▶ Problem
Set down every entry word for word. Omit the pictures.

(Collected data)
# # #

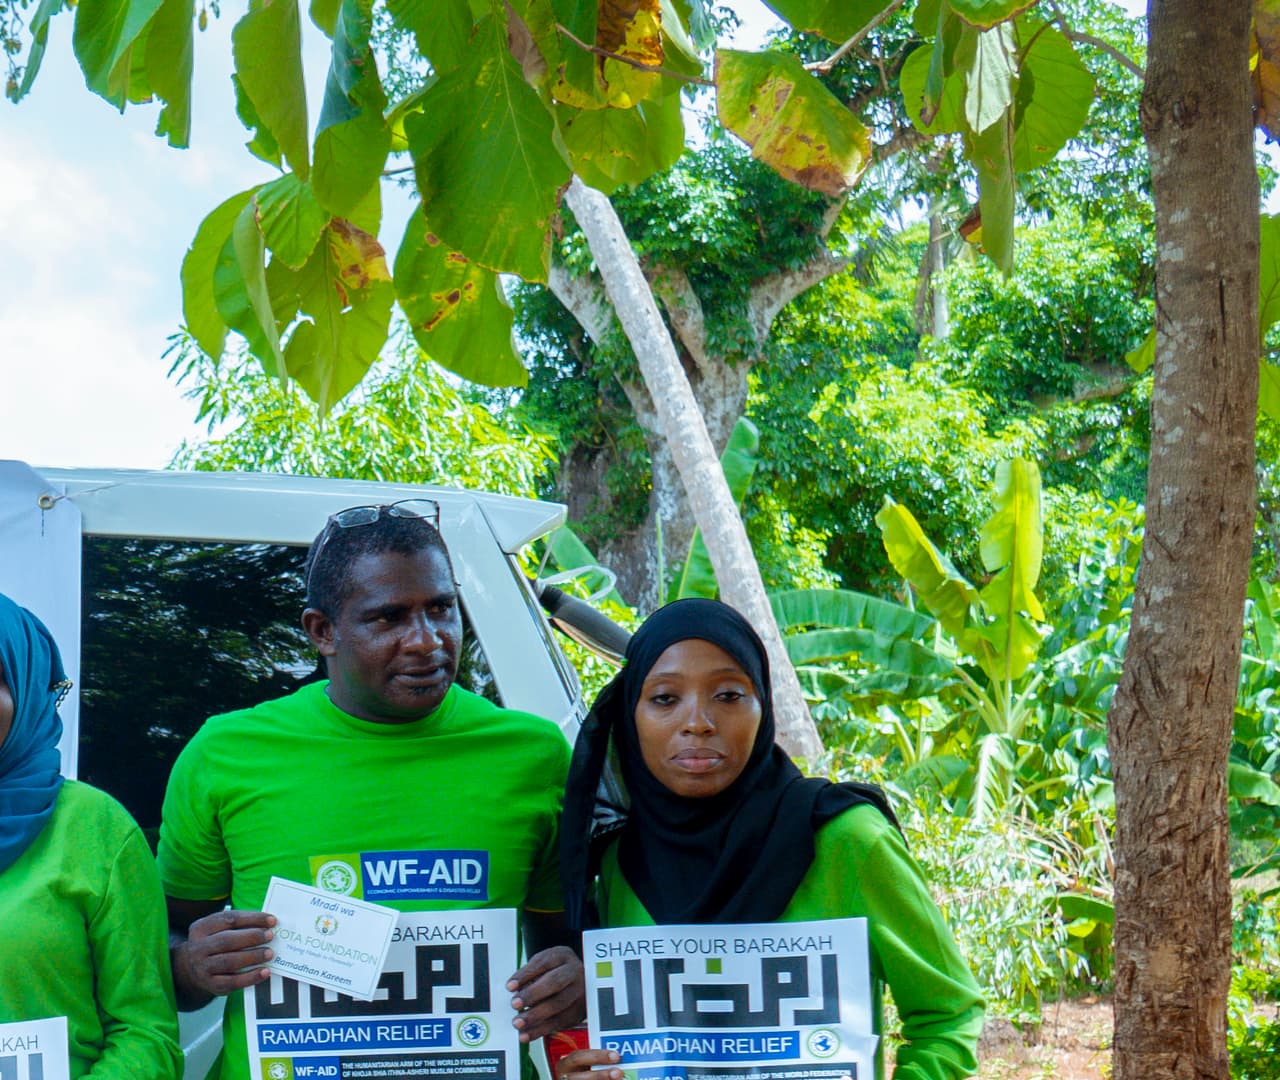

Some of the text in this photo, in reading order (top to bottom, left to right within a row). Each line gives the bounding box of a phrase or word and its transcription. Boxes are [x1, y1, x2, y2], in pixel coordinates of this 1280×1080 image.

[364, 858, 482, 886] WF-AID
[310, 897, 355, 916] Mradi wa
[274, 928, 302, 944] YOTA
[306, 936, 378, 965] FOUNDATION
[595, 935, 832, 958] SHARE YOUR BARAKAH
[274, 956, 319, 976] Ramadhan
[320, 970, 352, 986] Kareem
[262, 1024, 444, 1046] RAMADHAN RELIEF
[606, 1036, 793, 1056] RAMADHAN RELIEF
[296, 1066, 337, 1076] WF-AID
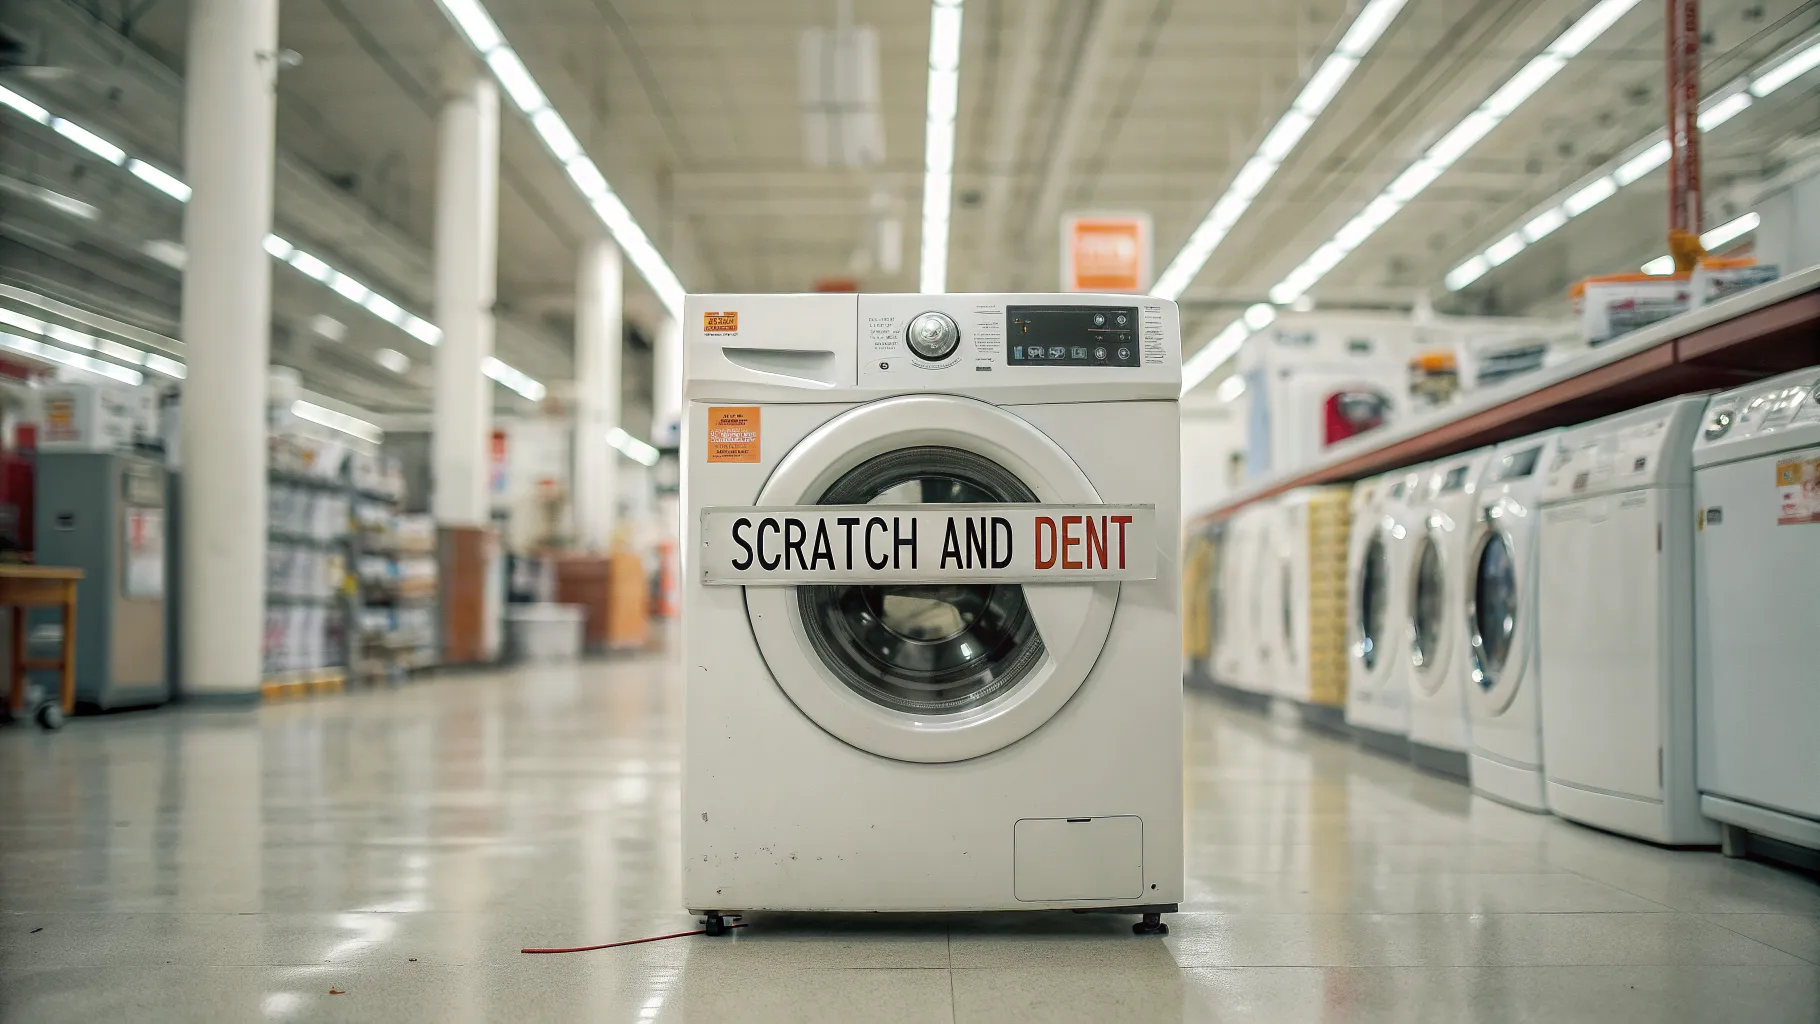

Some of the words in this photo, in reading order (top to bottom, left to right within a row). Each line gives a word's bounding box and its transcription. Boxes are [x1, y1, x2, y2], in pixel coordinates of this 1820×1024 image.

[732, 517, 917, 570] SCRATCH
[940, 517, 1012, 569] AND
[1035, 516, 1132, 569] DENT
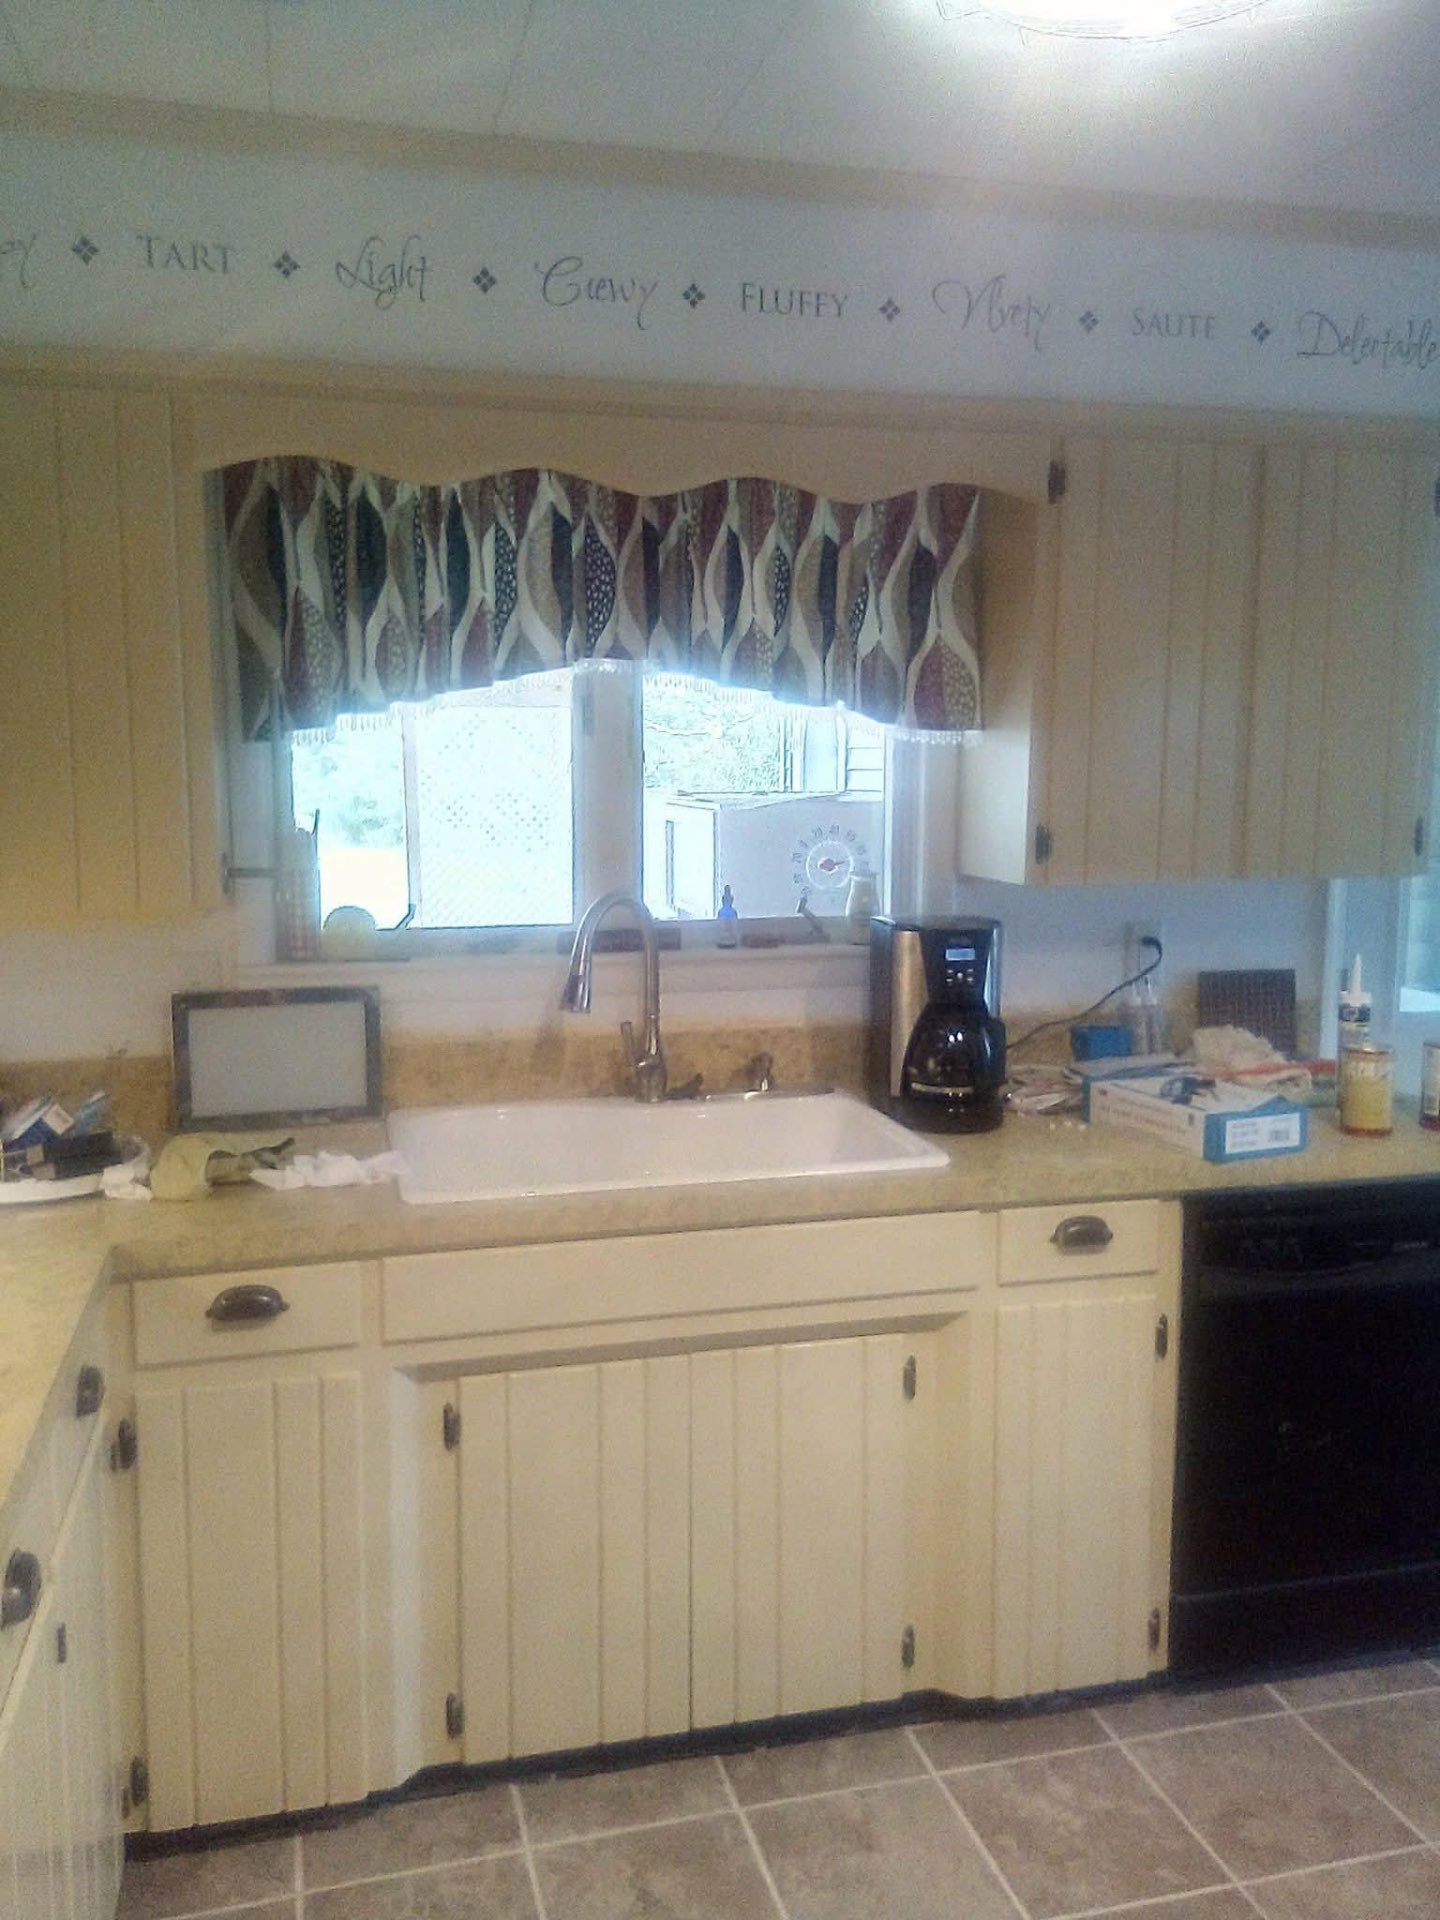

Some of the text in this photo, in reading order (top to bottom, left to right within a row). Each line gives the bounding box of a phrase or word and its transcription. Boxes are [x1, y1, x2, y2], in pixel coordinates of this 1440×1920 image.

[136, 235, 235, 275] TART
[335, 234, 434, 312] Light
[741, 282, 849, 319] FLUFFY
[1132, 307, 1217, 340] SAUTE

# # #

▶ The completed task
Some of the text in this photo, in reading order (top to bottom, left to right within a row). Each line gives the bounding box of a phrase or word and its transcription. Boxes are [x1, y1, x2, y2], in pixel coordinates of this 1280×1080 image.

[364, 858, 482, 886] WF-AID
[310, 897, 355, 916] Mradi wa
[274, 928, 302, 944] YOTA
[306, 936, 378, 965] FOUNDATION
[595, 935, 832, 958] SHARE YOUR BARAKAH
[274, 956, 319, 976] Ramadhan
[320, 970, 352, 986] Kareem
[262, 1024, 444, 1046] RAMADHAN RELIEF
[606, 1036, 793, 1056] RAMADHAN RELIEF
[296, 1066, 337, 1076] WF-AID

Some of the words in this photo, in reading order (top to bottom, left to right within a row). Each line gives a word's bounding box and its transcription. Boxes are [x1, y1, x2, y2], in pixel coordinates of this 1820×1024 image.

[732, 517, 917, 570] SCRATCH
[940, 517, 1012, 569] AND
[1035, 516, 1132, 569] DENT

Some of the text in this photo, in reading order (top to bottom, left to right within a row). Each line gives the bounding box of a phrase or word and its transcription. Boxes are [x1, y1, x2, y2], in pixel coordinates of this 1440×1920 image.

[136, 235, 235, 275] TART
[335, 234, 434, 312] Light
[741, 282, 849, 319] FLUFFY
[1132, 307, 1217, 340] SAUTE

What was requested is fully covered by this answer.